Mit Matthew McConaughey einschlafen

Mann im Bett am Smartphone

Mit Matthew McConaughey einschlafen

Im Bett noch kurz Instagram, Facebook und Newsportale checken – das verbreitete Ritual verschlechtert gemäss diversen Studien die Schlafqualität. Calm dreht den Spiess um: Dank der App sollen User entspannen und besser schlafen. Das amerikanische Unternehmen will Nutzerinnen und Nutzer «glücklicher und gesünder» machen. Mithilfe von angeleiteten Meditationen, Gutenacht-Geschichten und Musik.

Die App trifft damit offenbar einen Nerv der Zeit. Laut Apple war das Themenfeld Selbstpflege inklusive Achtsamkeit und Stressreduktion 2017 einer von Top-Vier-Trends. Und er hält an: Calm wurde bisher über 40 Millionen mal runtergeladen, über 1 Million User nutzen die kostenpflichtige Premium-Version. Der Umsatz hat sich 2018 vervierfacht, 2019 soll er auf 150 Millionen US-Dollar klettern.

Die App darf auf prominente Unterstützung zählen. Schauspieler Matthew McConaughey beispielsweise erzählt die 35-minütige Gutenacht-Story «Wonder» – es ist die erfolgreichste von insgesamt 120 Calm-Geschichten. Auch Musikerin Leona Lewis und Schriftsteller Stephen Fry gehören zu den Geschichtenerzählern. Moby ist mit einem exklusiven Calm-Release Aushängeschild des Musikstreaming-Geschäftszweiges, der vor 1.5 Jahren gelaunched wurde.

Schauspieler Ashton Kutcher wirkt ebenfalls mit, allerdings hinter den Kulissen. Seine Risikokapitalgesellschaft Sound Ventures unterstützt Calm finanziell. 116 Millionen US-Dollar wurden bis dato in die Firma eingeschossen, davon 88 Millionen US-Dollar in der zweiten Finanzierungsrunde vergangenes Jahr.

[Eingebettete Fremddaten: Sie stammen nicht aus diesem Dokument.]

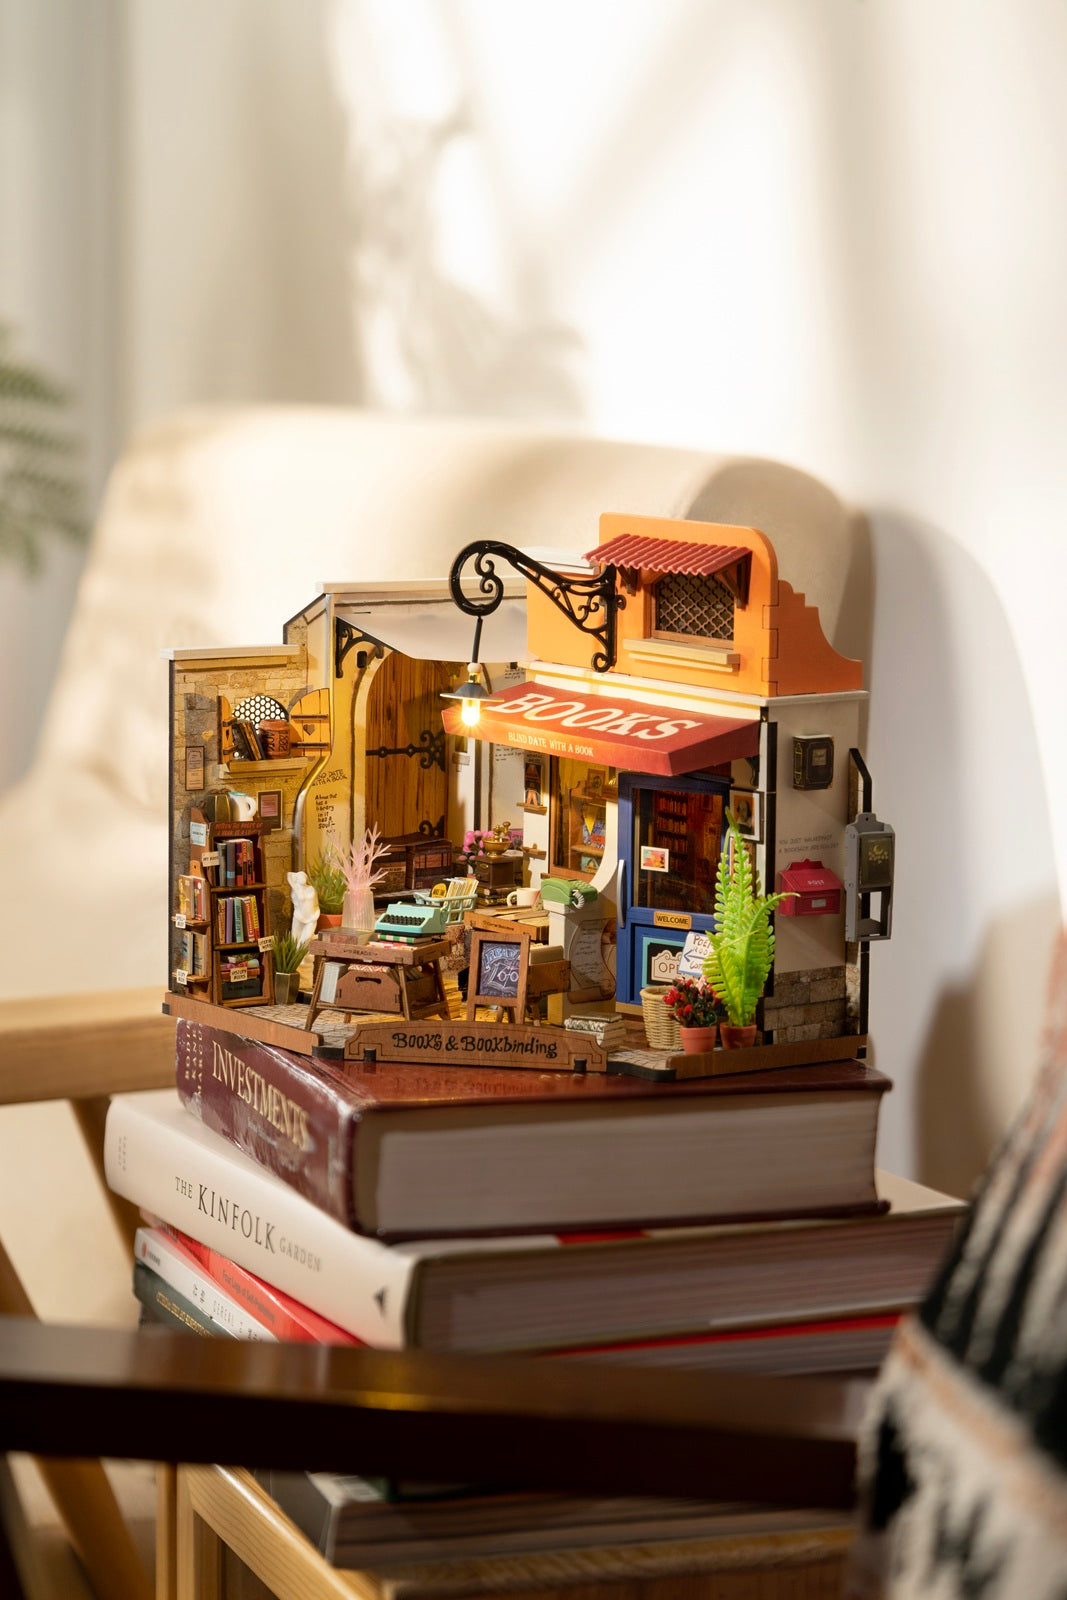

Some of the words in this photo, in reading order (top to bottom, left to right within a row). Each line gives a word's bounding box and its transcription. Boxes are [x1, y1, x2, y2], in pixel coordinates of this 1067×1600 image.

Calms Wert stieg damit auf 1 Milliarde US-Dollar.

Seit 2018 ist die digitale Entspannungshilfe auf Deutsch verfügbar – weitere Übersetzungen sind geplant. Calm will künftig aber auch abseits von Smartphone-Screens Fuss fassen. Mit Kleidung und Hotels beispielsweise. Bereits erhältlich sind ein Buch und ein Duftspray. Calm solle zum wertvollsten und sinnvollsten Brand des 21. Jahrhunderts wachsen, erklärte der Co-Gründer Acton Smith erklärte gegenüber The Telegraph.